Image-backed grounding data
##############################
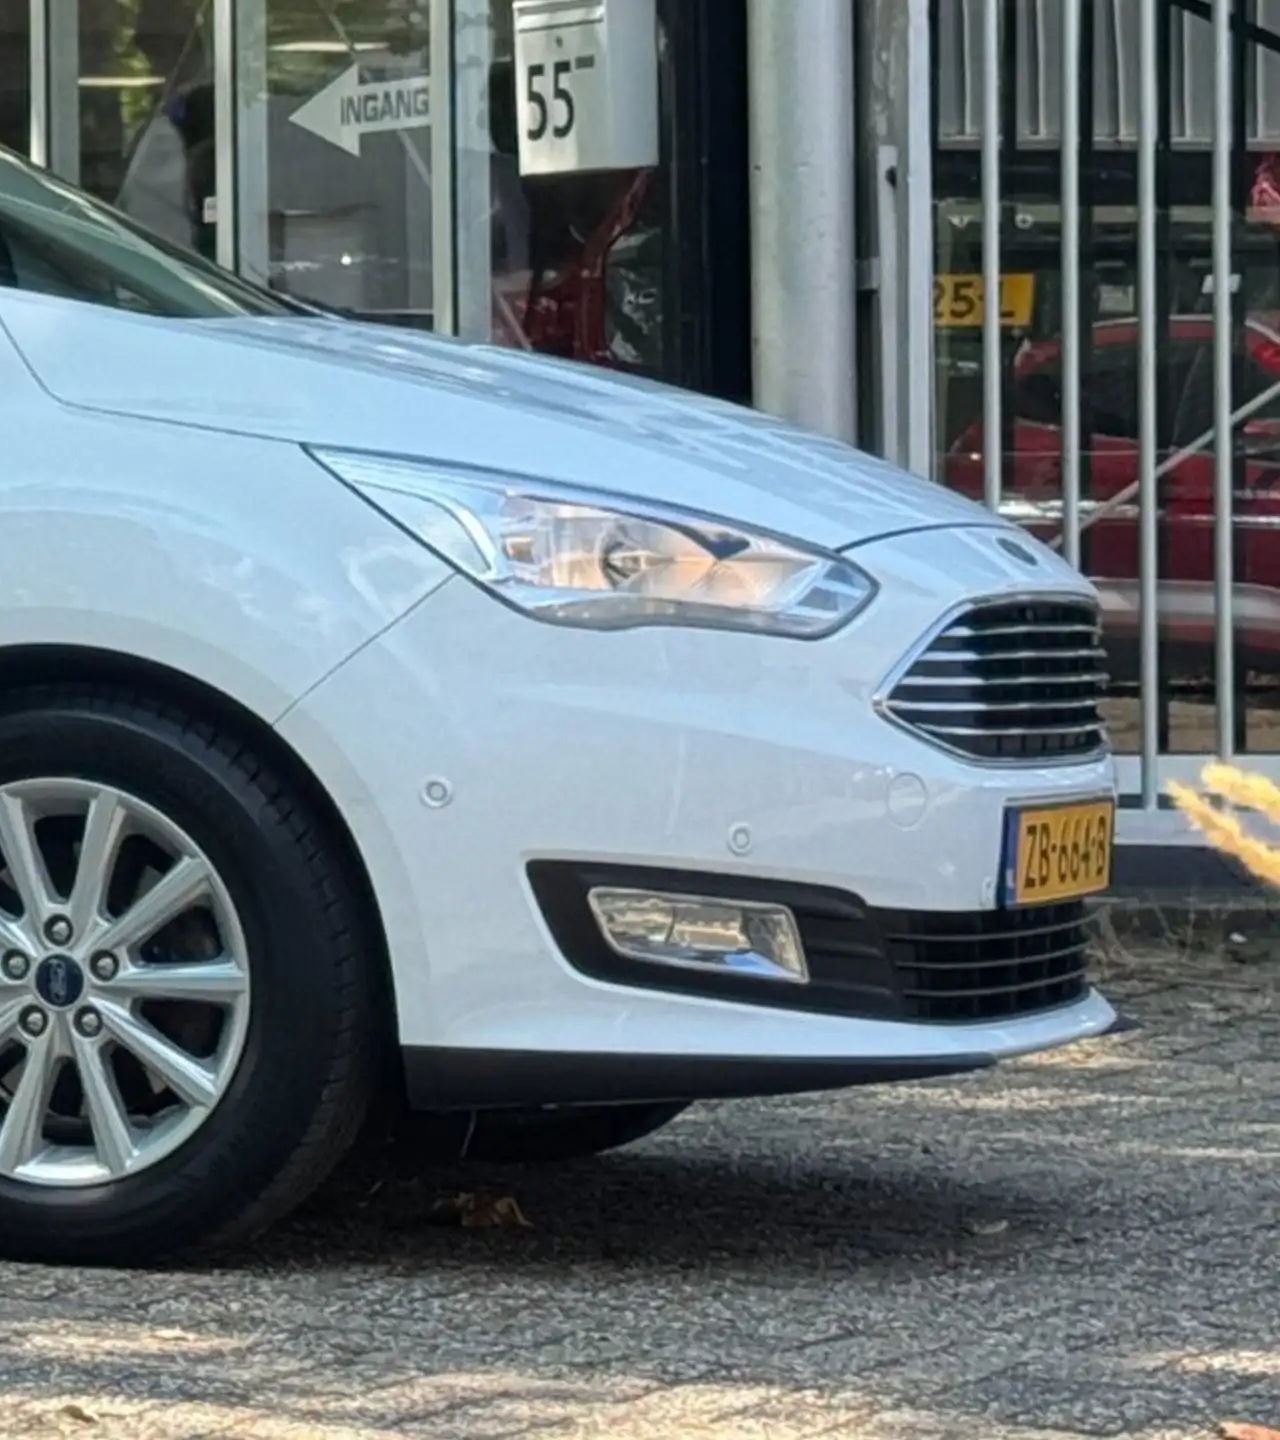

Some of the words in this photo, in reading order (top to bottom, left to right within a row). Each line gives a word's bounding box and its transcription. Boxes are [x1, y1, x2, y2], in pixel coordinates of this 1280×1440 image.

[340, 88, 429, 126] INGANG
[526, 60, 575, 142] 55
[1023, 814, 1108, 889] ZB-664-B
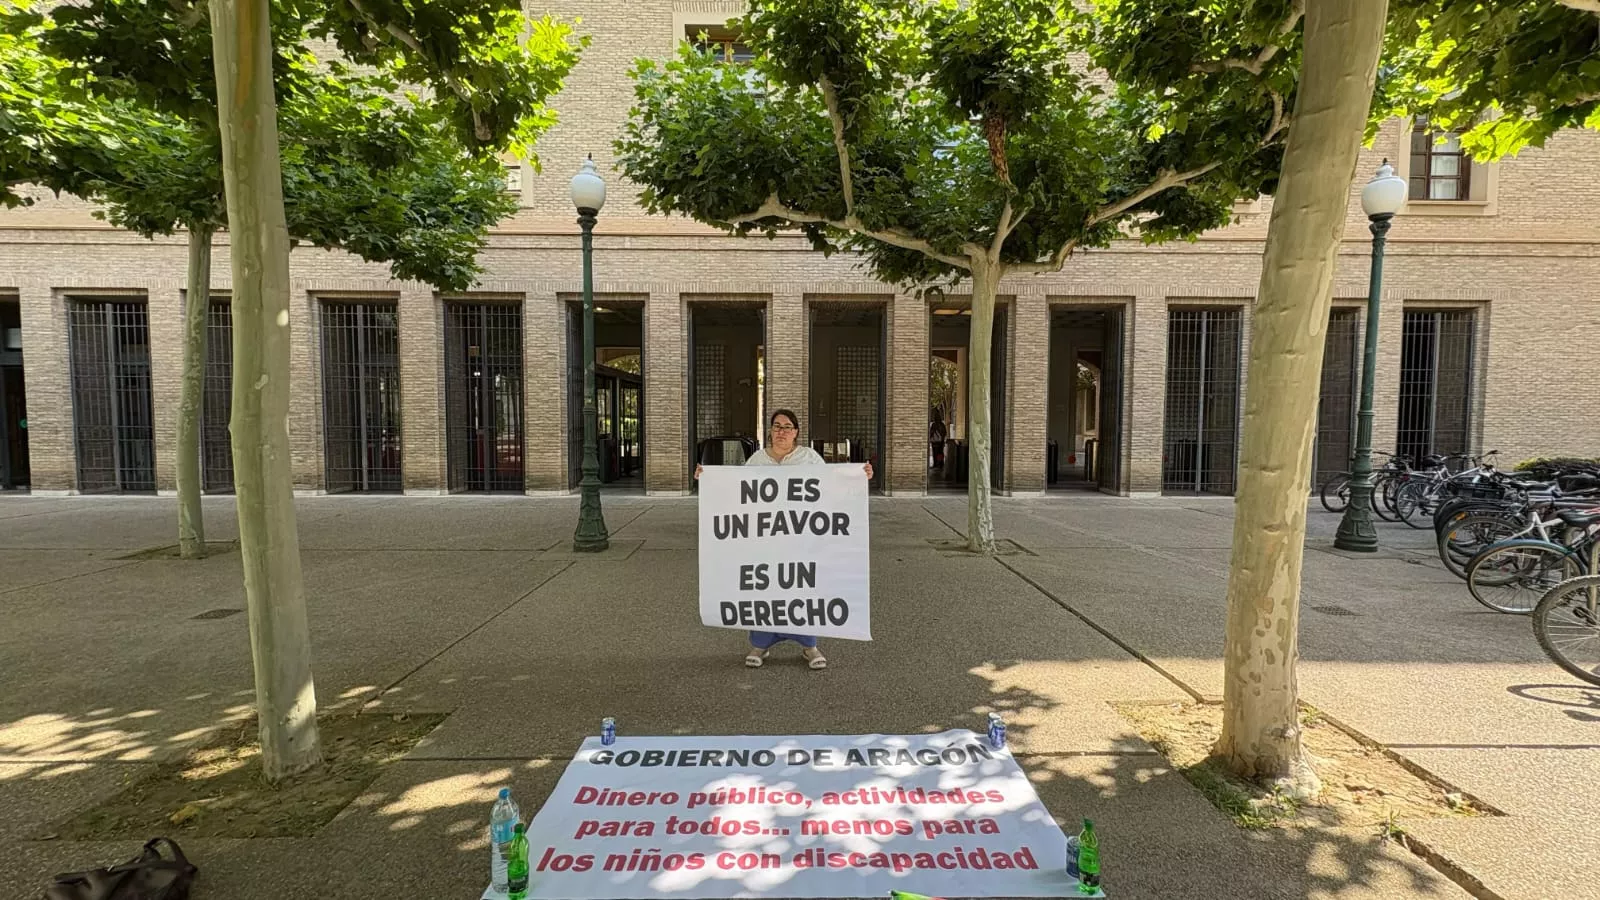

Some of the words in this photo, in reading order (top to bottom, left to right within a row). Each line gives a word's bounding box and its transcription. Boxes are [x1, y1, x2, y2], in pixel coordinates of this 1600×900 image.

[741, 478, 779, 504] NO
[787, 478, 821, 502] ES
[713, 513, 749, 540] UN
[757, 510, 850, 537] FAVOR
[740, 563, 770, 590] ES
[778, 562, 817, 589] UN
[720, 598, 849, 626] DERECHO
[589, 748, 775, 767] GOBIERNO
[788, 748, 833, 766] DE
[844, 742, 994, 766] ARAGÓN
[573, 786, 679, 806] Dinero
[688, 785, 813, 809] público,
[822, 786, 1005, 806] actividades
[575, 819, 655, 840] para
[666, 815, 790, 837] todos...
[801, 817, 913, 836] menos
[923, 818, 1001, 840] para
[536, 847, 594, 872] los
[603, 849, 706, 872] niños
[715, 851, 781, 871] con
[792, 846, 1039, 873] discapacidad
##############################
**What is required**
An exact copy of the entries above, with no pictures, is the required answer.

**Solution to this task**
Some of the words in this photo, in reading order (top to bottom, left to right within a row). Each line gives a word's bounding box and its transcription. Boxes are [x1, y1, x2, y2], in pixel coordinates of this 1280×1440 image.

[340, 88, 429, 126] INGANG
[526, 60, 575, 142] 55
[1023, 814, 1108, 889] ZB-664-B

Some of the words in this photo, in reading order (top to bottom, left to right within a row). Each line gives a word's bounding box and its transcription. Boxes are [x1, y1, x2, y2], in pixel coordinates of this 1600×900 image.

[741, 478, 779, 504] NO
[787, 478, 821, 502] ES
[713, 513, 749, 540] UN
[757, 510, 850, 537] FAVOR
[740, 563, 770, 590] ES
[778, 562, 817, 589] UN
[720, 598, 849, 626] DERECHO
[589, 748, 775, 767] GOBIERNO
[788, 748, 833, 766] DE
[844, 742, 994, 766] ARAGÓN
[573, 786, 679, 806] Dinero
[688, 785, 813, 809] público,
[822, 786, 1005, 806] actividades
[575, 819, 655, 840] para
[666, 815, 790, 837] todos...
[801, 817, 913, 836] menos
[923, 818, 1001, 840] para
[536, 847, 594, 872] los
[603, 849, 706, 872] niños
[715, 851, 781, 871] con
[792, 846, 1039, 873] discapacidad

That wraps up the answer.